::: Source data
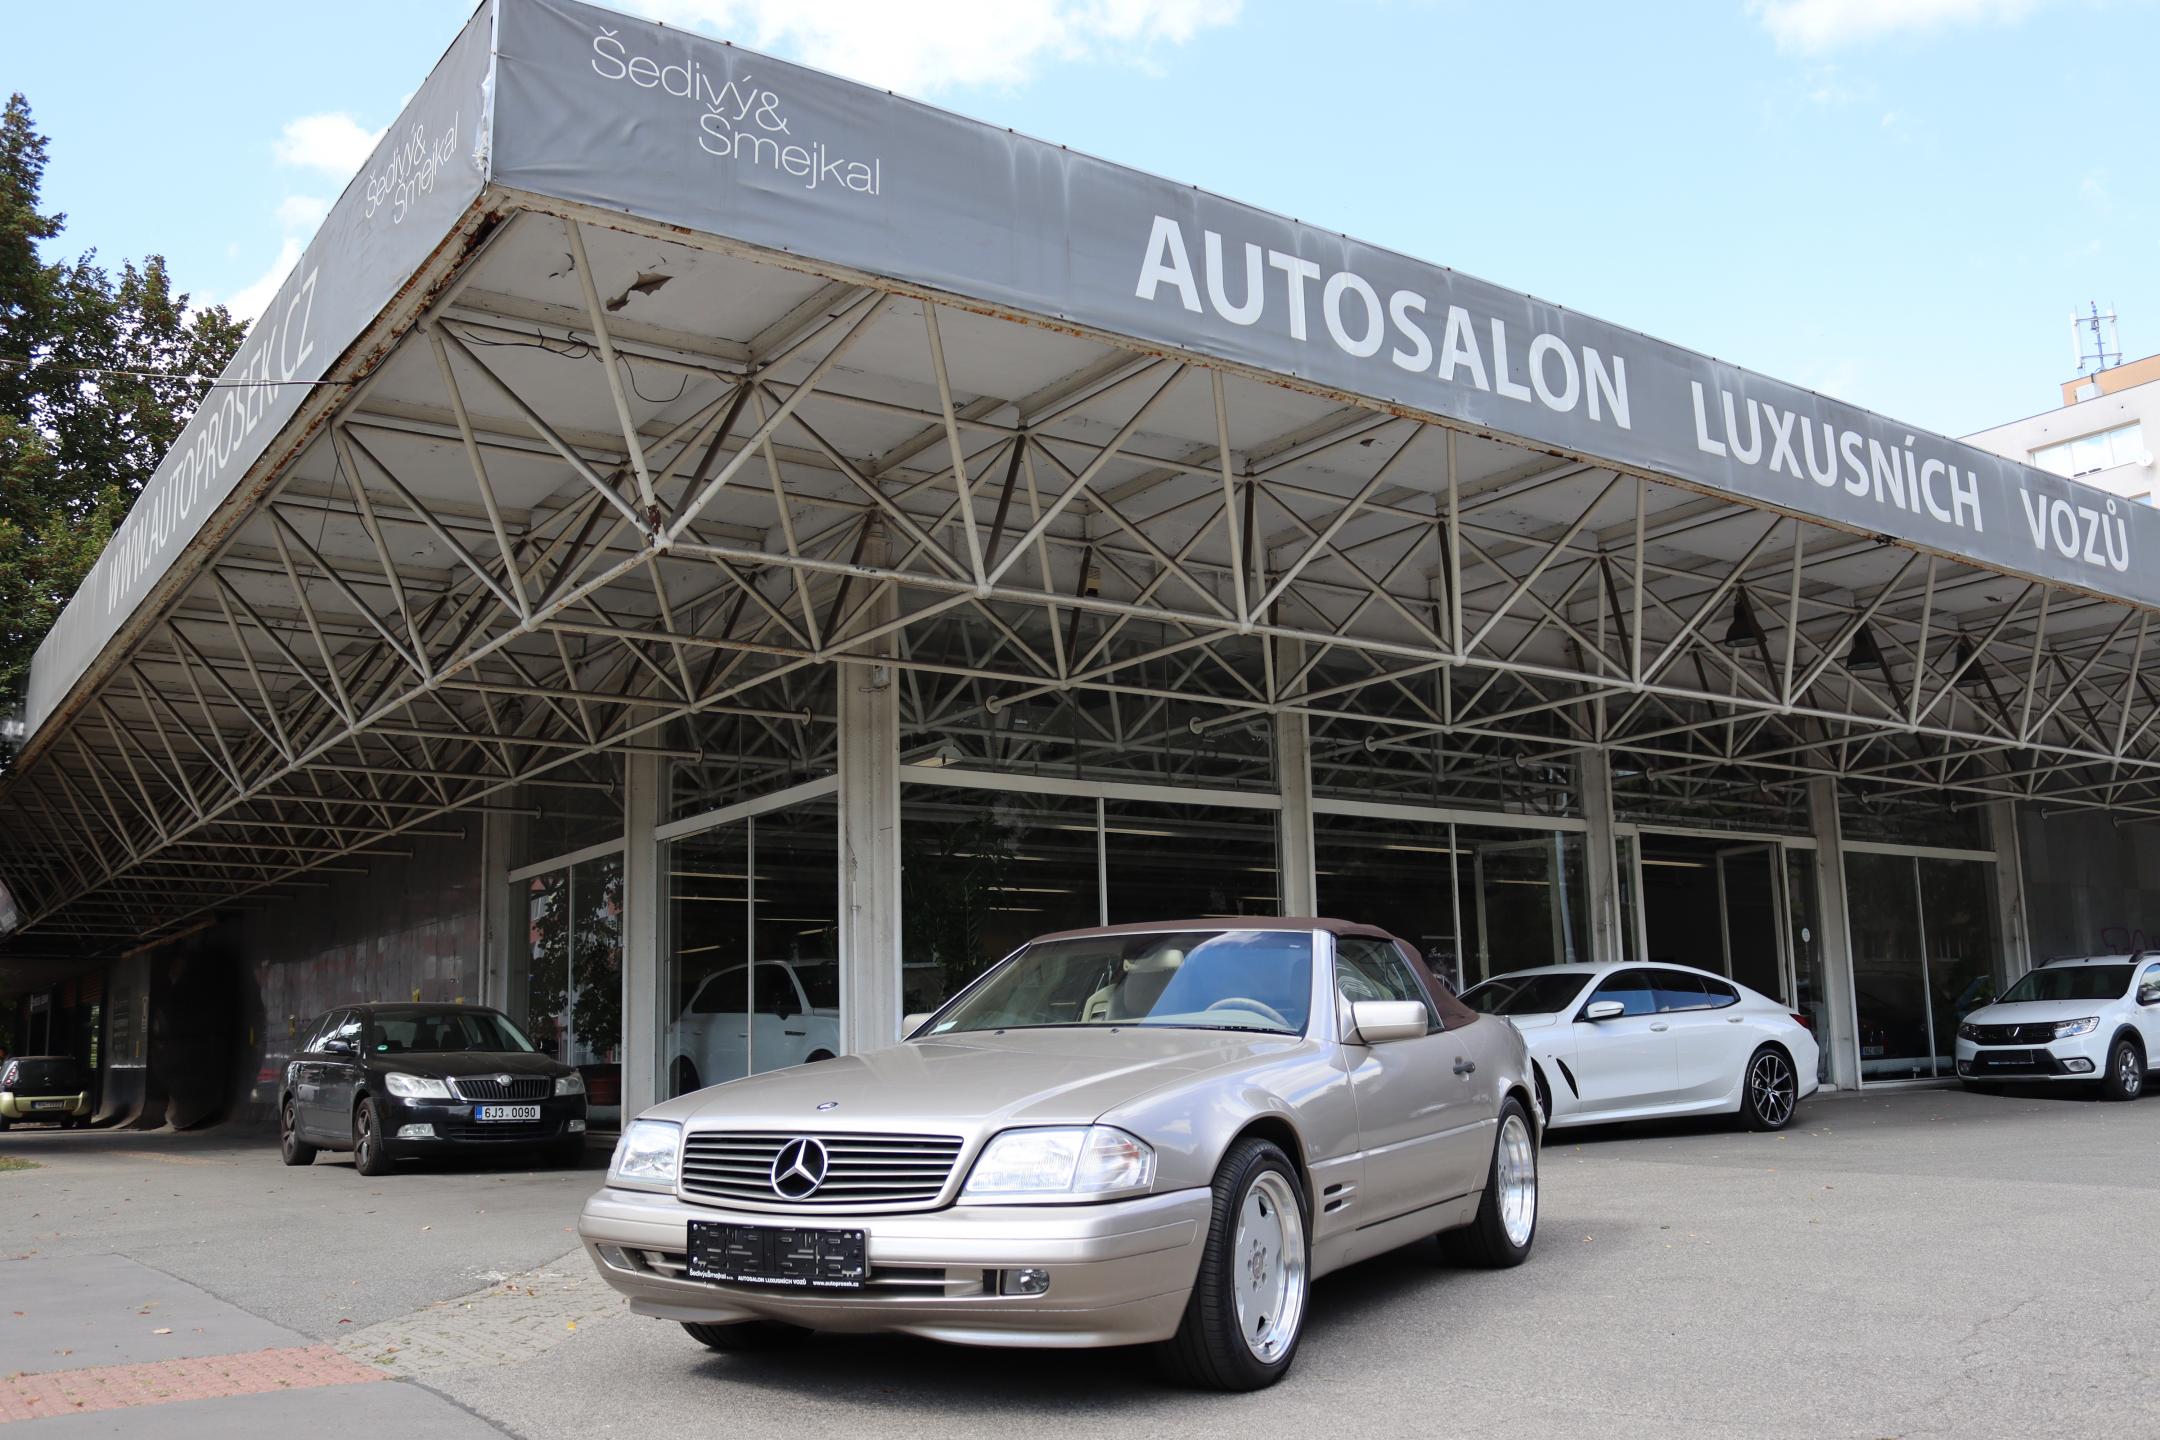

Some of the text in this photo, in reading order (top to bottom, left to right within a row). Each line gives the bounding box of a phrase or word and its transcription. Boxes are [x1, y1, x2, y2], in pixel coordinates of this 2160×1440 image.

[591, 25, 791, 135] Šedivý&
[393, 110, 459, 225] Šmejkal
[698, 102, 880, 196] Šmejkal
[1135, 215, 2129, 572] AUTOSALON LUXUSNÍCH VOZŮ
[484, 1107, 536, 1119] 6J3 0090
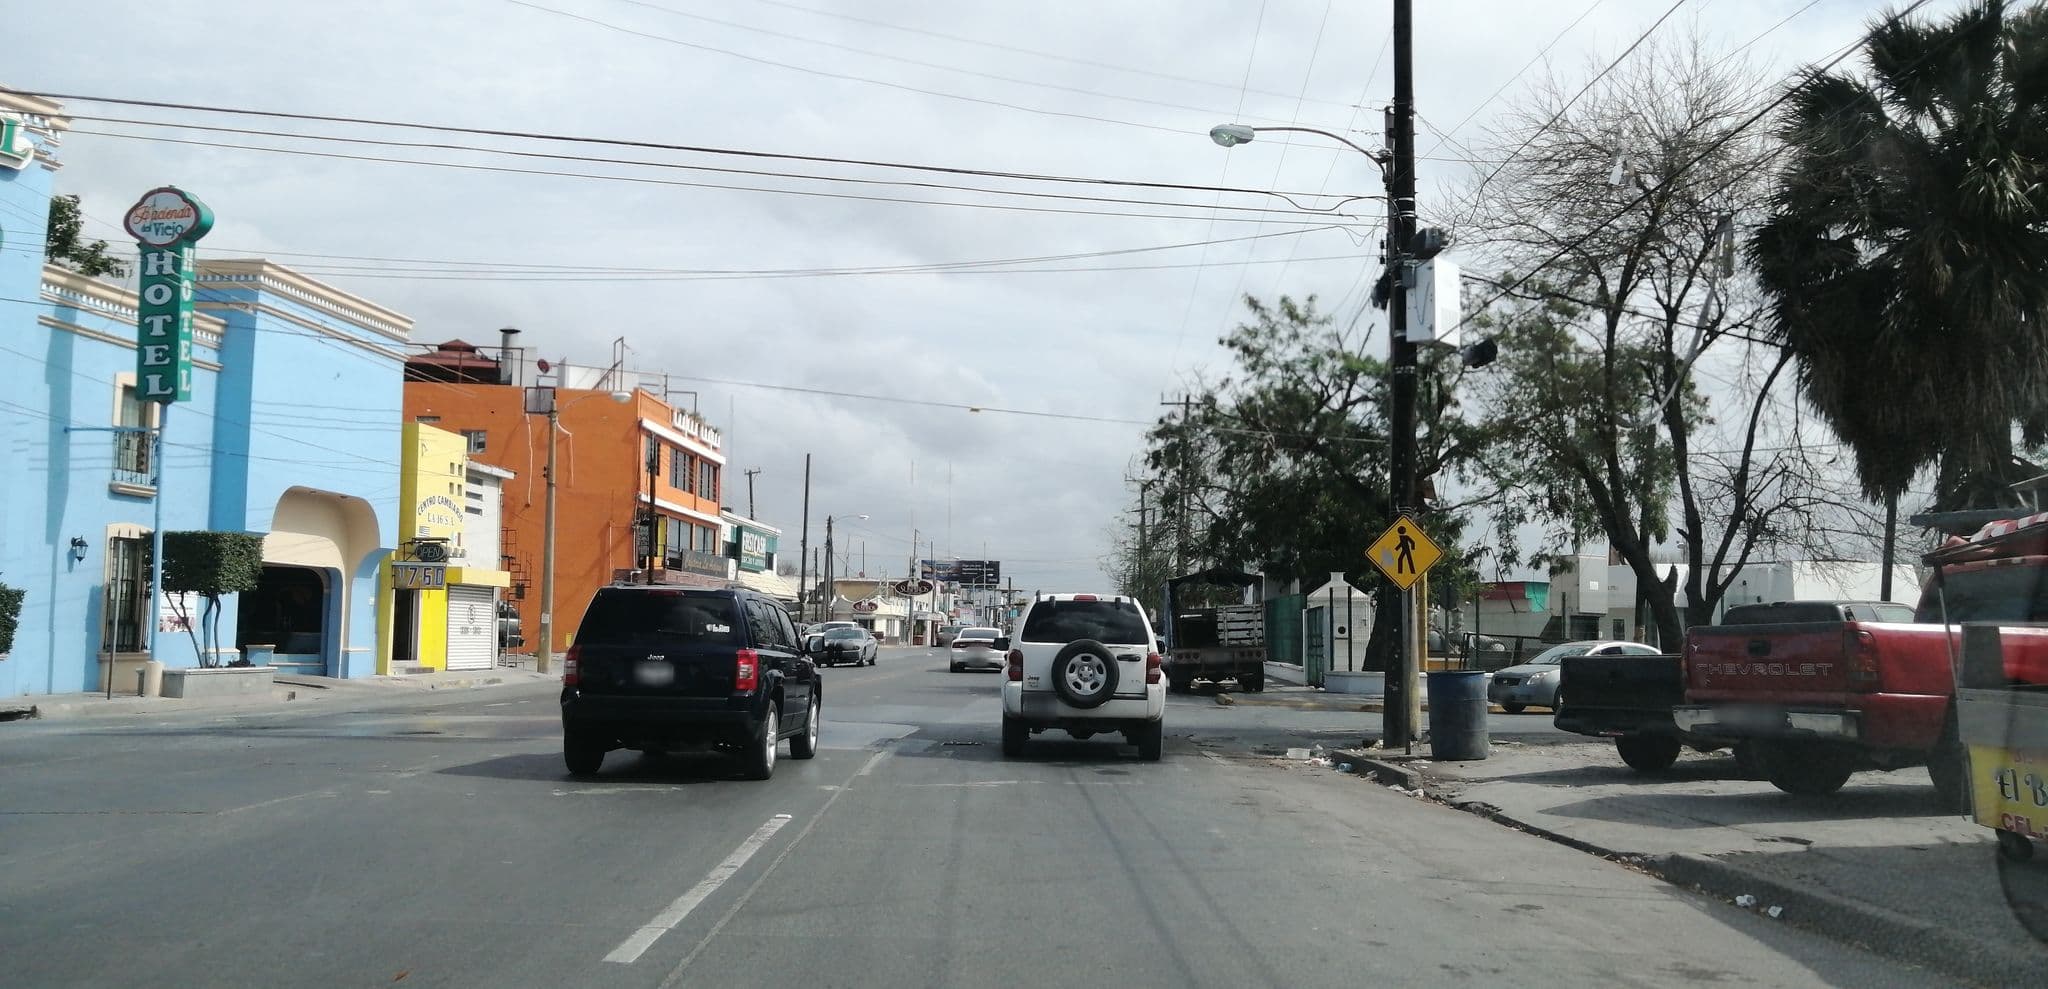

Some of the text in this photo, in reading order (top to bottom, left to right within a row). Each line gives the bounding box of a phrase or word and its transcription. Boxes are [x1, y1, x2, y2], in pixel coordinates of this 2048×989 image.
::::::
#### Exercise directions
Set down the records again verbatim, with no pictures.

#### Final answer
Some of the text in this photo, in reading order (top to bottom, left to right within a row). Each line gives the bounding box of a phrase or word and its transcription. Boxes are [x1, y1, x2, y2], in pixel coordinates of this 2160×1440 image.

[591, 25, 791, 135] Šedivý&
[393, 110, 459, 225] Šmejkal
[698, 102, 880, 196] Šmejkal
[1135, 215, 2129, 572] AUTOSALON LUXUSNÍCH VOZŮ
[484, 1107, 536, 1119] 6J3 0090

Some of the text in this photo, in reading order (top to bottom, left to right within a row). Each line gives the bounding box of a phrase or word and its transcription. Boxes are [x1, y1, x2, y2], in pixel coordinates of this 2048×989 image.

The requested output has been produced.